The problem » Type the records that follow again exactly as written, but drop the pictures.

Data for the task »
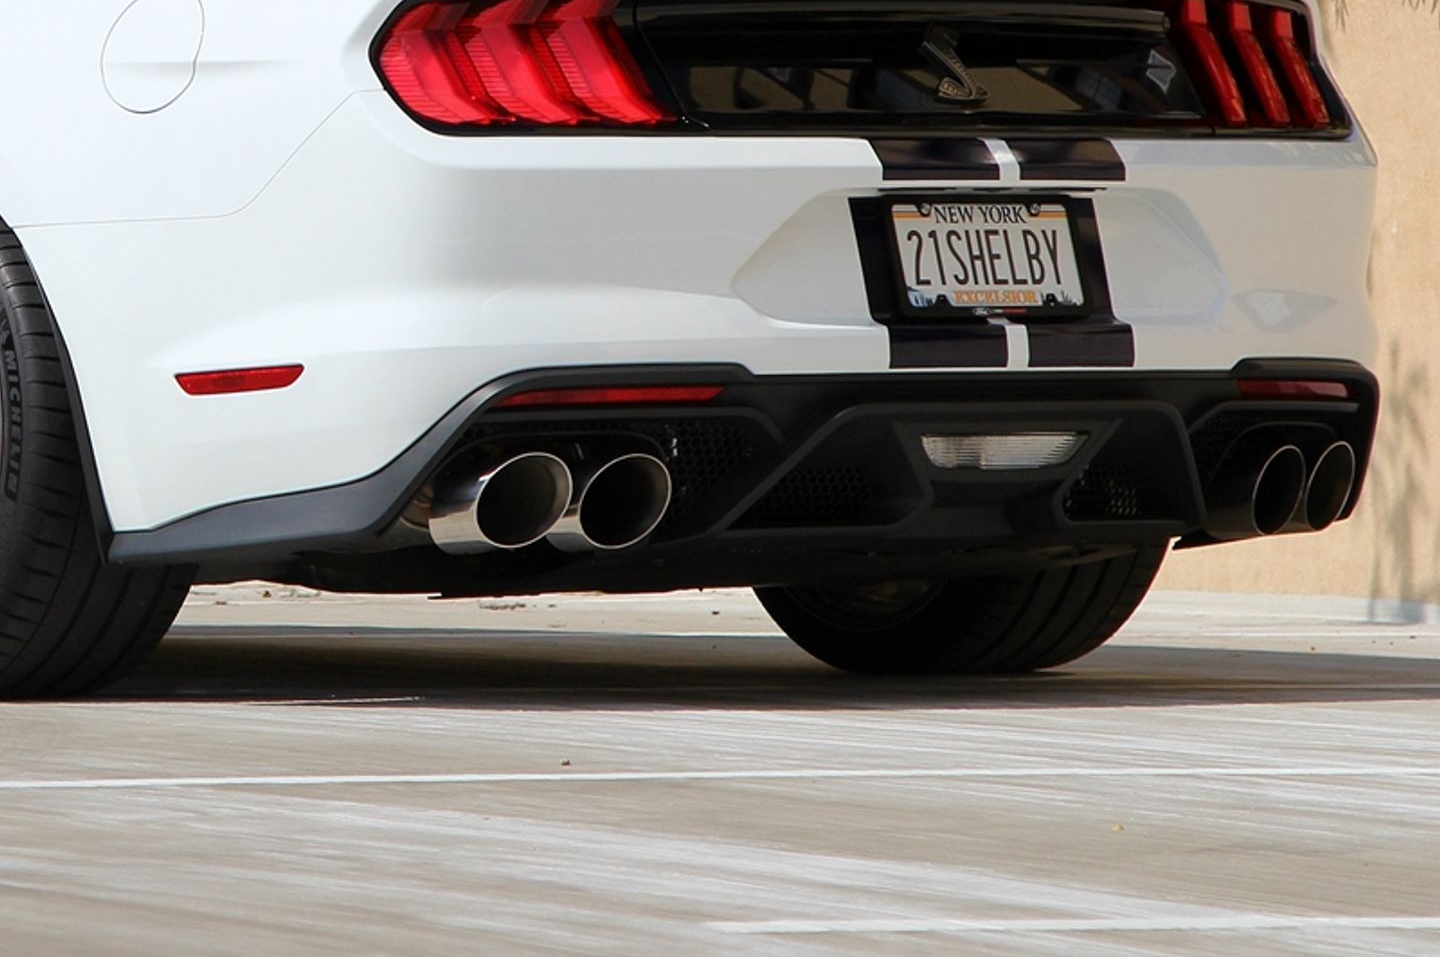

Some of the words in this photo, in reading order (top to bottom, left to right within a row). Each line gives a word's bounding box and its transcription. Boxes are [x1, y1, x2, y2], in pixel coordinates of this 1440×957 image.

[934, 205, 976, 224] NEW
[977, 205, 1027, 224] YORK
[907, 229, 1062, 285] 21SHELBY
[4, 349, 22, 493] MICHELIN
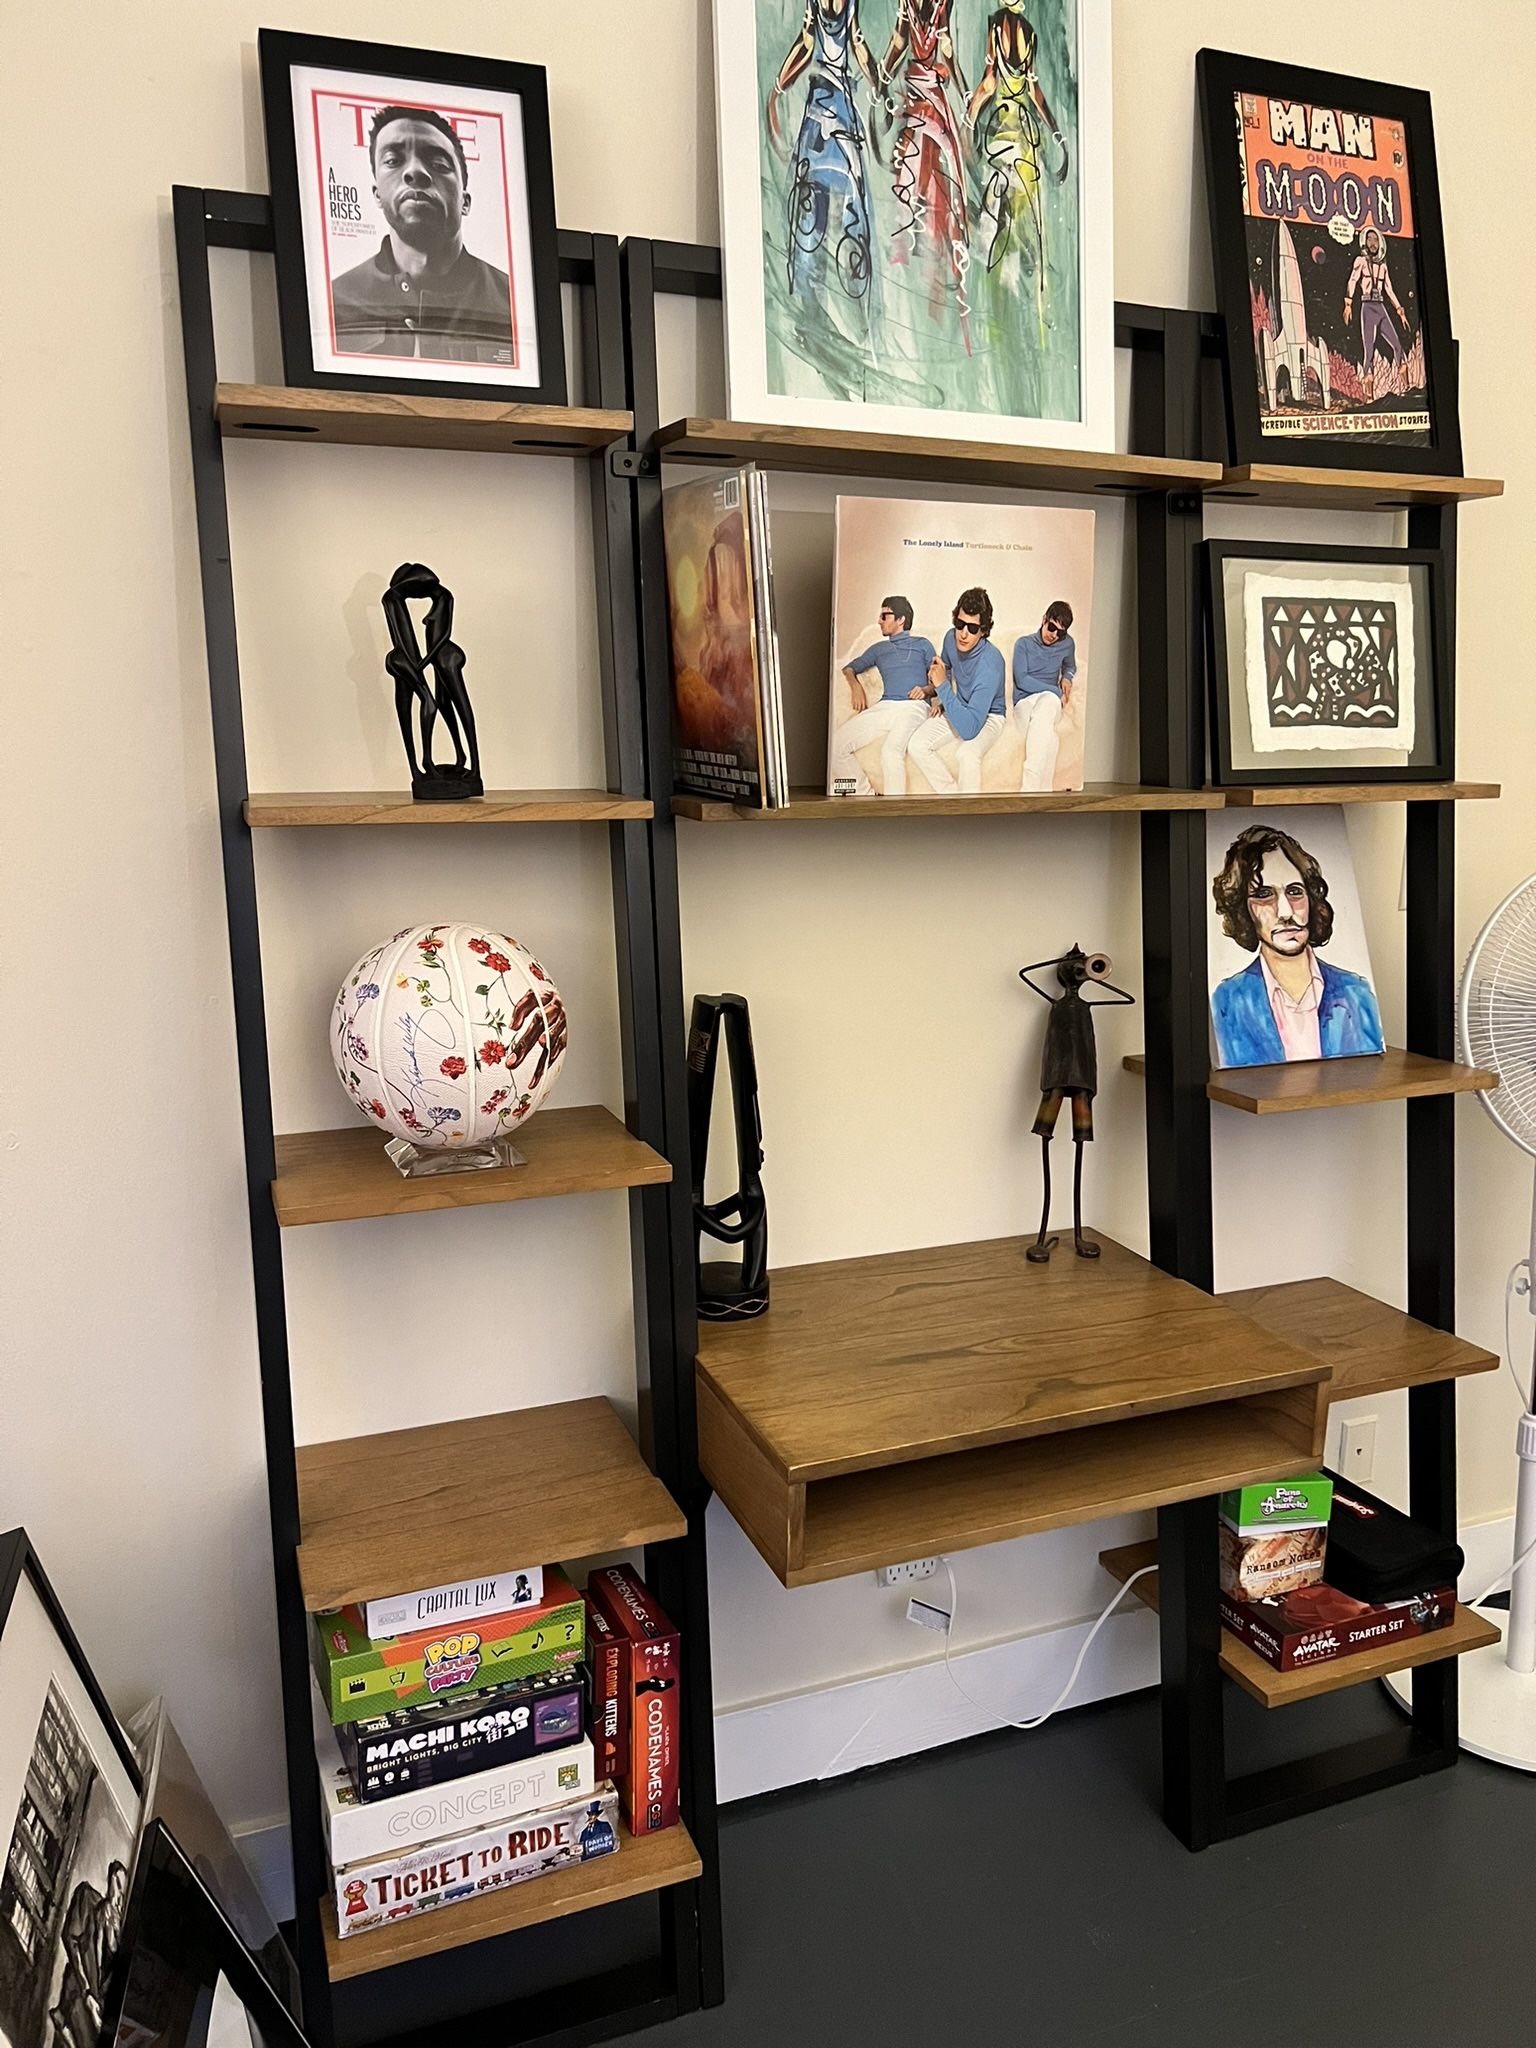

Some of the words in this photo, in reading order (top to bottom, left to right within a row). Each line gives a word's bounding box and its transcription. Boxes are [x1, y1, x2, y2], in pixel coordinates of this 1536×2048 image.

[339, 102, 480, 161] TE
[1267, 98, 1376, 159] MAN
[328, 166, 336, 184] A
[1306, 154, 1325, 165] ON
[1328, 156, 1349, 169] THE
[328, 184, 358, 204] HERO
[1261, 163, 1398, 228] MOON
[330, 201, 362, 221] RISES
[918, 539, 942, 548] Lonely
[1260, 1496, 1308, 1514] Anarchy
[1275, 1487, 1301, 1499] Puns
[1246, 1558, 1287, 1575] Ransom
[1289, 1549, 1321, 1565] Notes
[417, 1588, 471, 1620] CAPITAL
[474, 1581, 497, 1607] LUX
[606, 1569, 649, 1621] CODENAMES
[1348, 1624, 1387, 1643] STARTER
[1388, 1619, 1405, 1632] SET
[426, 1635, 478, 1665] POP
[1292, 1636, 1341, 1657] AVATAR
[425, 1656, 480, 1677] CULTURE
[429, 1665, 475, 1693] PARTY
[606, 1647, 619, 1697] EXPLODING
[604, 1698, 618, 1738] KITTENS
[366, 1725, 454, 1763] MACHI
[460, 1706, 531, 1734] KORO
[647, 1698, 662, 1801] CODENAMES
[366, 1757, 401, 1774] BRIGHT
[404, 1748, 441, 1763] LIGHTS,
[443, 1742, 459, 1753] BIG
[462, 1736, 482, 1748] CITY
[387, 1773, 546, 1837] CONCEPT
[371, 1851, 474, 1905] TICKET
[477, 1845, 503, 1869] TO
[507, 1822, 570, 1860] RIDE

Written response »
Some of the words in this photo, in reading order (top to bottom, left to right within a row). Each line gives a word's bounding box and its transcription. Boxes are [x1, y1, x2, y2], in pixel coordinates of this 1440×957 image.

[934, 205, 976, 224] NEW
[977, 205, 1027, 224] YORK
[907, 229, 1062, 285] 21SHELBY
[4, 349, 22, 493] MICHELIN

Some of the words in this photo, in reading order (top to bottom, left to right within a row). Each line gives a word's bounding box and its transcription. Boxes are [x1, y1, x2, y2], in pixel coordinates of this 1536×2048 image.

[339, 102, 480, 161] TE
[1267, 98, 1376, 159] MAN
[328, 166, 336, 184] A
[1306, 154, 1325, 165] ON
[1328, 156, 1349, 169] THE
[328, 184, 358, 204] HERO
[1261, 163, 1398, 228] MOON
[330, 201, 362, 221] RISES
[918, 539, 942, 548] Lonely
[1260, 1496, 1308, 1514] Anarchy
[1275, 1487, 1301, 1499] Puns
[1246, 1558, 1287, 1575] Ransom
[1289, 1549, 1321, 1565] Notes
[417, 1588, 471, 1620] CAPITAL
[474, 1581, 497, 1607] LUX
[606, 1569, 649, 1621] CODENAMES
[1348, 1624, 1387, 1643] STARTER
[1388, 1619, 1405, 1632] SET
[426, 1635, 478, 1665] POP
[1292, 1636, 1341, 1657] AVATAR
[425, 1656, 480, 1677] CULTURE
[429, 1665, 475, 1693] PARTY
[606, 1647, 619, 1697] EXPLODING
[604, 1698, 618, 1738] KITTENS
[366, 1725, 454, 1763] MACHI
[460, 1706, 531, 1734] KORO
[647, 1698, 662, 1801] CODENAMES
[366, 1757, 401, 1774] BRIGHT
[404, 1748, 441, 1763] LIGHTS,
[443, 1742, 459, 1753] BIG
[462, 1736, 482, 1748] CITY
[387, 1773, 546, 1837] CONCEPT
[371, 1851, 474, 1905] TICKET
[477, 1845, 503, 1869] TO
[507, 1822, 570, 1860] RIDE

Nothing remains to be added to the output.